[Opening Available data section]

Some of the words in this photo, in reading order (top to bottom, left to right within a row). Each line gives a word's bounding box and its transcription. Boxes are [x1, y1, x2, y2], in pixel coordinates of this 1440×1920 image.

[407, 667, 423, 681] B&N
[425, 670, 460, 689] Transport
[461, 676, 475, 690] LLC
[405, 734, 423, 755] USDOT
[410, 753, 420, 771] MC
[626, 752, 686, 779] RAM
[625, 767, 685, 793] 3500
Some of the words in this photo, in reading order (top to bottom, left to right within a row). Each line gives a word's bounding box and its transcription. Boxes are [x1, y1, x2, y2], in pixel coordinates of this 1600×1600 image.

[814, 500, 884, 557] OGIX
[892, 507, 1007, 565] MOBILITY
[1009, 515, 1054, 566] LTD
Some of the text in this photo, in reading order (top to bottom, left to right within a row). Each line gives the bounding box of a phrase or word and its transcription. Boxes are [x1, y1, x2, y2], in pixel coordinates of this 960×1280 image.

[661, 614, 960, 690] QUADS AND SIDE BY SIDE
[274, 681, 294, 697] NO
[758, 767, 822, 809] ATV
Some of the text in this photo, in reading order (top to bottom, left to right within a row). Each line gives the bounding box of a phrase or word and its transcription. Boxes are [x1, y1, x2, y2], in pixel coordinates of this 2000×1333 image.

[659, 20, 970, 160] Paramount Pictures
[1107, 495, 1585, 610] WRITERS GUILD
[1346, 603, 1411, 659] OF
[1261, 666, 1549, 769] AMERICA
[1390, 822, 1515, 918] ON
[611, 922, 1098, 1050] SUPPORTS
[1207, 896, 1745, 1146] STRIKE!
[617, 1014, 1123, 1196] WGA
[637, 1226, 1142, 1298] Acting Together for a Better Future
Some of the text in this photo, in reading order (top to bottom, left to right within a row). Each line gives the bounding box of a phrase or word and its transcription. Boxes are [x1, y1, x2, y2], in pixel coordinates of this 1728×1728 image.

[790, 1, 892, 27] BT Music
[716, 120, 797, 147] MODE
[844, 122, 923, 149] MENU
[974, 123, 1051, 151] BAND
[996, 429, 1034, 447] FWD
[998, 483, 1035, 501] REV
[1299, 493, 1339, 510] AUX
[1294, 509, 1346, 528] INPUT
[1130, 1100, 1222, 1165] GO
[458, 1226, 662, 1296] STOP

[Closing Available data section]

_Task_. For each record above, output it exactly as written.

_Task response_.
Some of the words in this photo, in reading order (top to bottom, left to right within a row). Each line gives a word's bounding box and its transcription. Boxes are [x1, y1, x2, y2], in pixel coordinates of this 1440×1920 image.

[407, 667, 423, 681] B&N
[425, 670, 460, 689] Transport
[461, 676, 475, 690] LLC
[405, 734, 423, 755] USDOT
[410, 753, 420, 771] MC
[626, 752, 686, 779] RAM
[625, 767, 685, 793] 3500
Some of the words in this photo, in reading order (top to bottom, left to right within a row). Each line gives a word's bounding box and its transcription. Boxes are [x1, y1, x2, y2], in pixel coordinates of this 1600×1600 image.

[814, 500, 884, 557] OGIX
[892, 507, 1007, 565] MOBILITY
[1009, 515, 1054, 566] LTD
Some of the text in this photo, in reading order (top to bottom, left to right within a row). Each line gives the bounding box of a phrase or word and its transcription. Boxes are [x1, y1, x2, y2], in pixel coordinates of this 960×1280 image.

[661, 614, 960, 690] QUADS AND SIDE BY SIDE
[274, 681, 294, 697] NO
[758, 767, 822, 809] ATV
Some of the text in this photo, in reading order (top to bottom, left to right within a row). Each line gives the bounding box of a phrase or word and its transcription. Boxes are [x1, y1, x2, y2], in pixel coordinates of this 2000×1333 image.

[659, 20, 970, 160] Paramount Pictures
[1107, 495, 1585, 610] WRITERS GUILD
[1346, 603, 1411, 659] OF
[1261, 666, 1549, 769] AMERICA
[1390, 822, 1515, 918] ON
[611, 922, 1098, 1050] SUPPORTS
[1207, 896, 1745, 1146] STRIKE!
[617, 1014, 1123, 1196] WGA
[637, 1226, 1142, 1298] Acting Together for a Better Future
Some of the text in this photo, in reading order (top to bottom, left to right within a row). Each line gives the bounding box of a phrase or word and its transcription. Boxes are [x1, y1, x2, y2], in pixel coordinates of this 1728×1728 image.

[790, 1, 892, 27] BT Music
[716, 120, 797, 147] MODE
[844, 122, 923, 149] MENU
[974, 123, 1051, 151] BAND
[996, 429, 1034, 447] FWD
[998, 483, 1035, 501] REV
[1299, 493, 1339, 510] AUX
[1294, 509, 1346, 528] INPUT
[1130, 1100, 1222, 1165] GO
[458, 1226, 662, 1296] STOP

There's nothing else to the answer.